When I was at school I played rounders once. In spite of myself I have decent hand-to-eye coordination, so I even managed to hit the ball a couple of times. The hitting I enjoyed, but the running ensured it was a one-time thing. Apparently, in America, they call the game baseball, and for some unknown reason, they're obsessed with it over there. The three baseball movies I've enjoyed in my life are Bull Durham (1988), which is really more of a romantic comedy than anything else, The Bad News Bears (1976), an underdog comedy about pee wee players, and Field of Dreams (1989), which has virtually nothing to do with the sport at all. Kevin Costner plays a farmer compelled to build a baseball diamond in his corn field to accommodate the ghosts of sporting legends. You'll laugh, you'll cry, you'll wonder why all baseball games don't exploit the spirits.
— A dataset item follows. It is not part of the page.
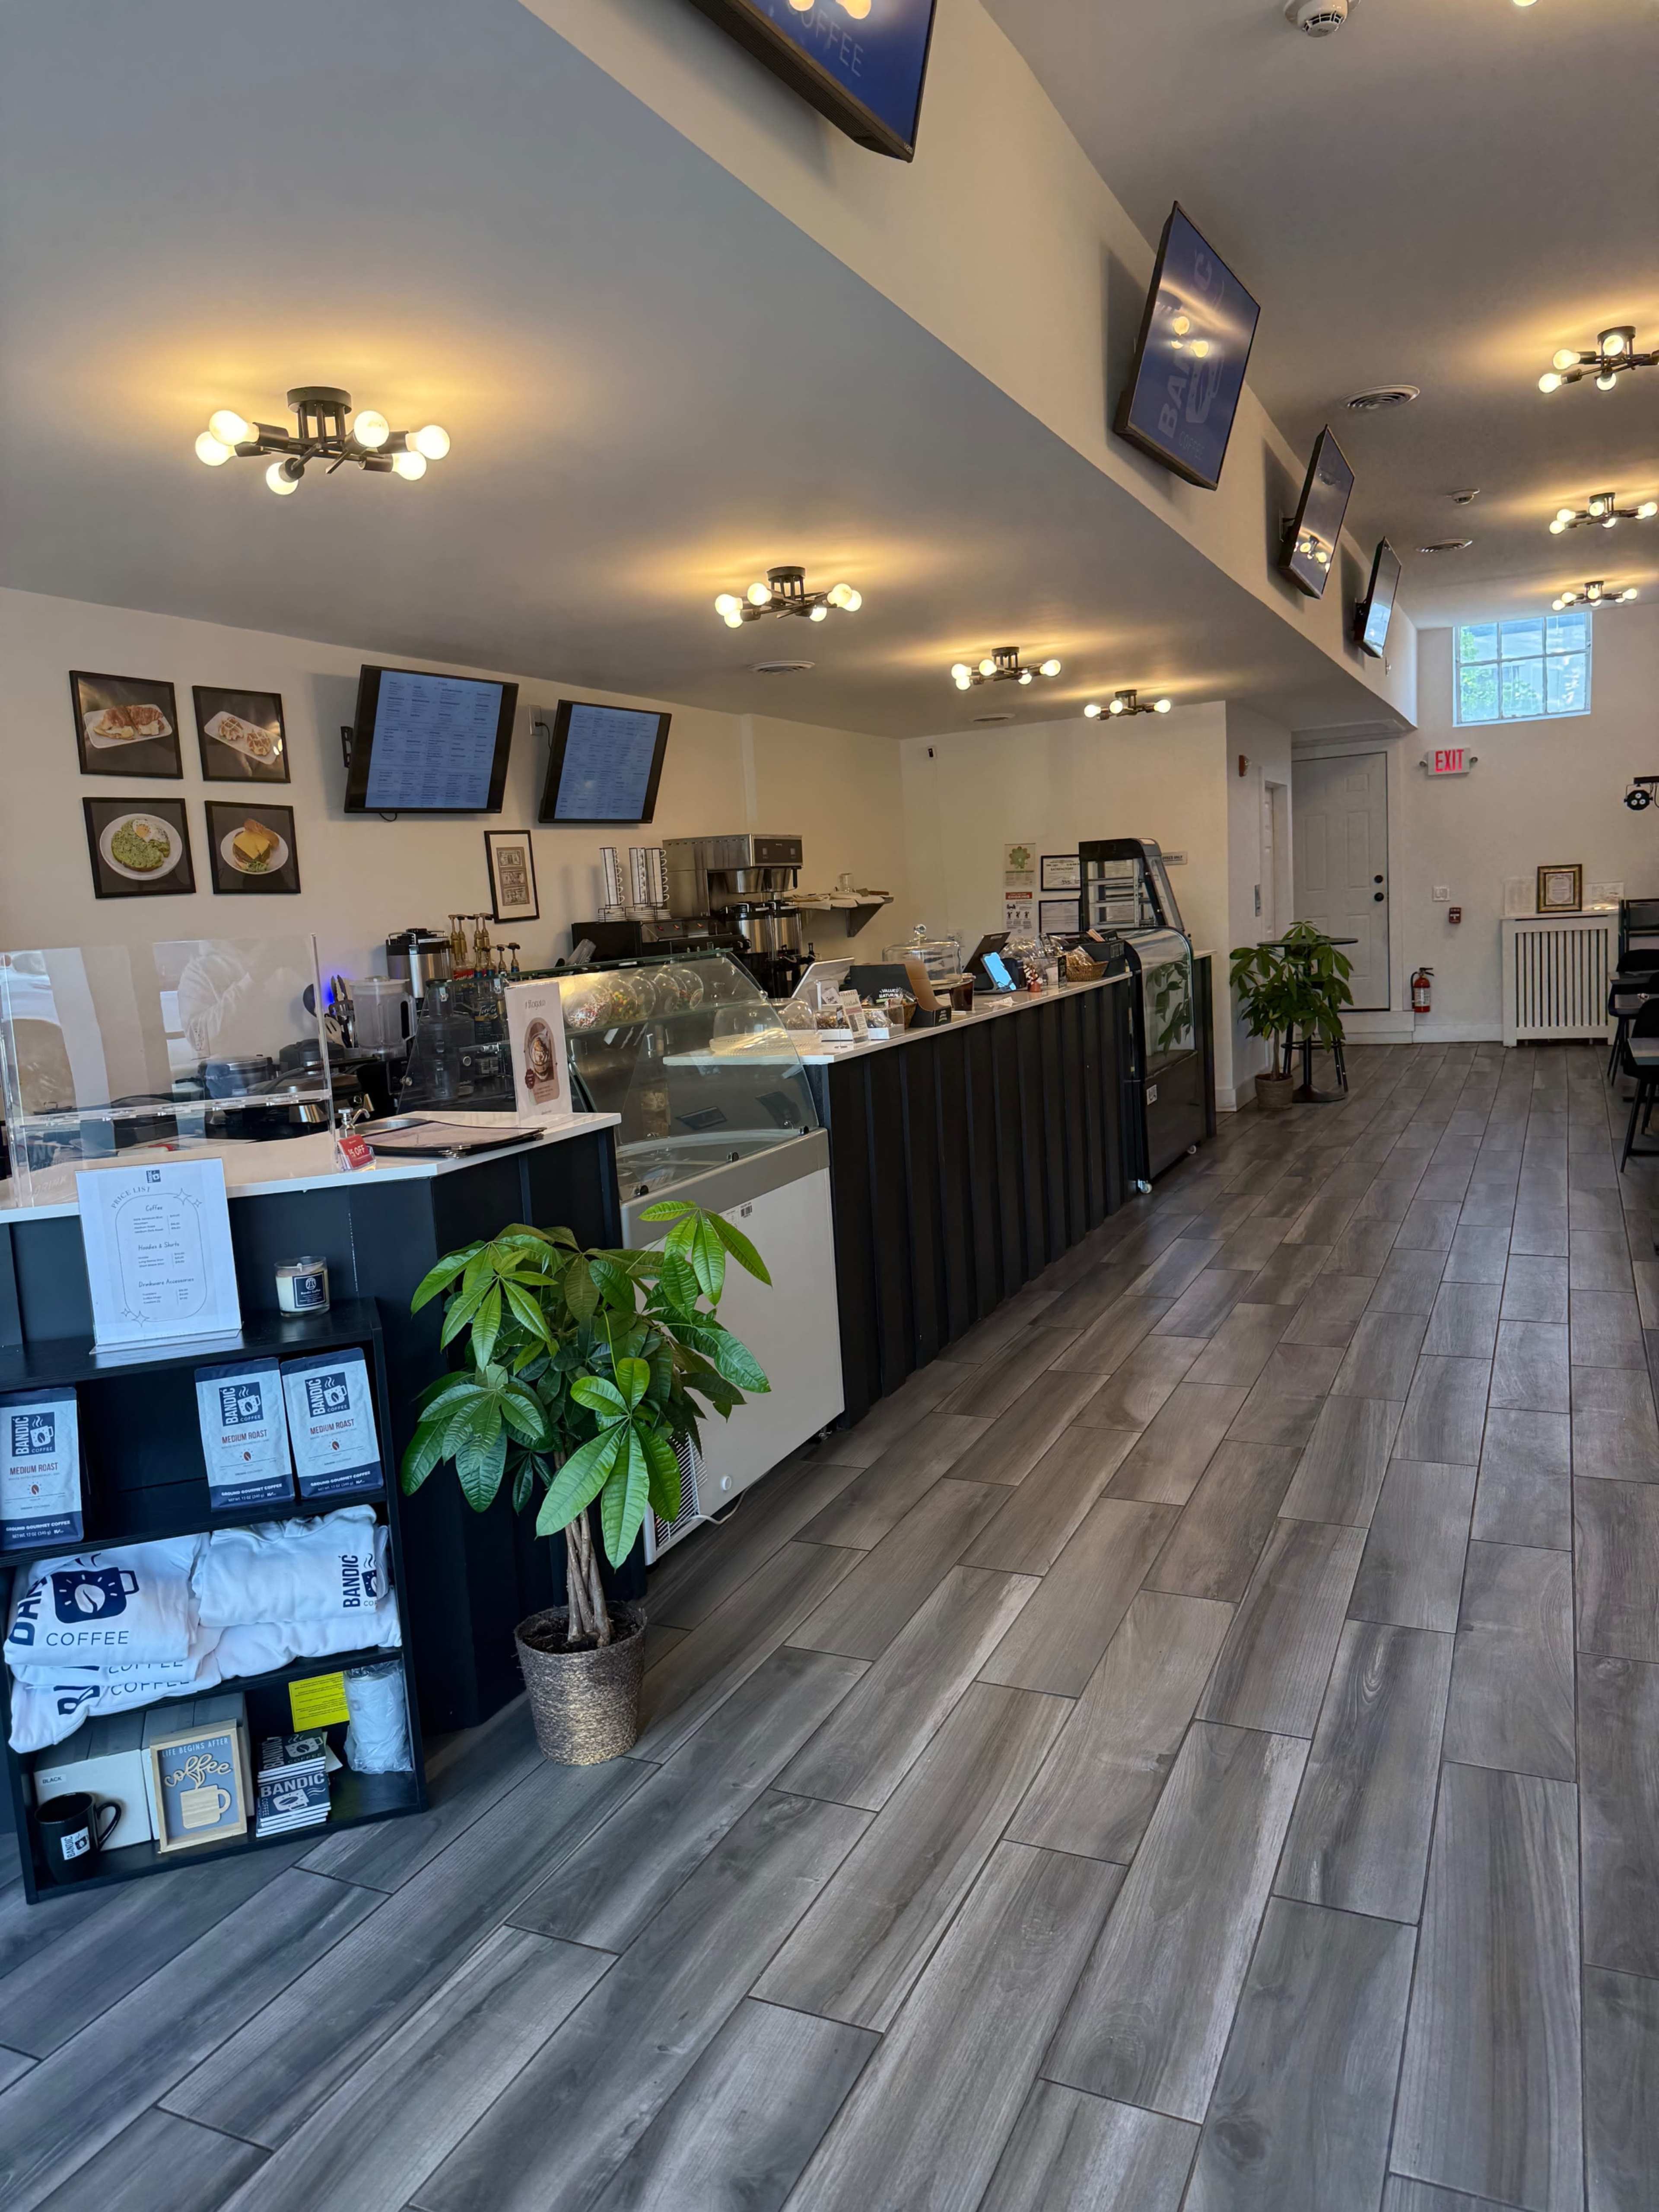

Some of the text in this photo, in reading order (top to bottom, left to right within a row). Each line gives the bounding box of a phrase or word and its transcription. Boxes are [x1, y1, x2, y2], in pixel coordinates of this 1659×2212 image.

As a lifelong fan of action movies, I can kind of get my head around boxing, the glorious art of smashing your opponent's face in before collapsing. Stallone's incredible, original Rocky (1976) remains the ultimate underdog sports drama, while Martin Scorsese's Raging Bull (1980), detailing the tempestuous life and times of boxing legend Jake La Motta (OscarĀ® winner Robert DeNiro), is widely regarded as one of the best films of the Eighties, second, or possibly third, only to Robocop (1987) and Die Hard (1988).
For posh, period running drama, try Chariots of Fire (1981). For underdog basketball thrills, allow your emotions to be manipulated by Hoosiers (1986). To wallow in the dark underbelly of sport try Paul Newman in The Hustler (1961) and, to a lesser extent, Scorsese's sequel The Colour of Money (1986). If it's laughs you're after, park yourself in front of golfsploitation classic Caddyshack (1980) or hockey romp Slap Shot (1976). And that's everything I can say on the subject of sport, so I'll be off. I desperately need an isotonic drink and a long lie down.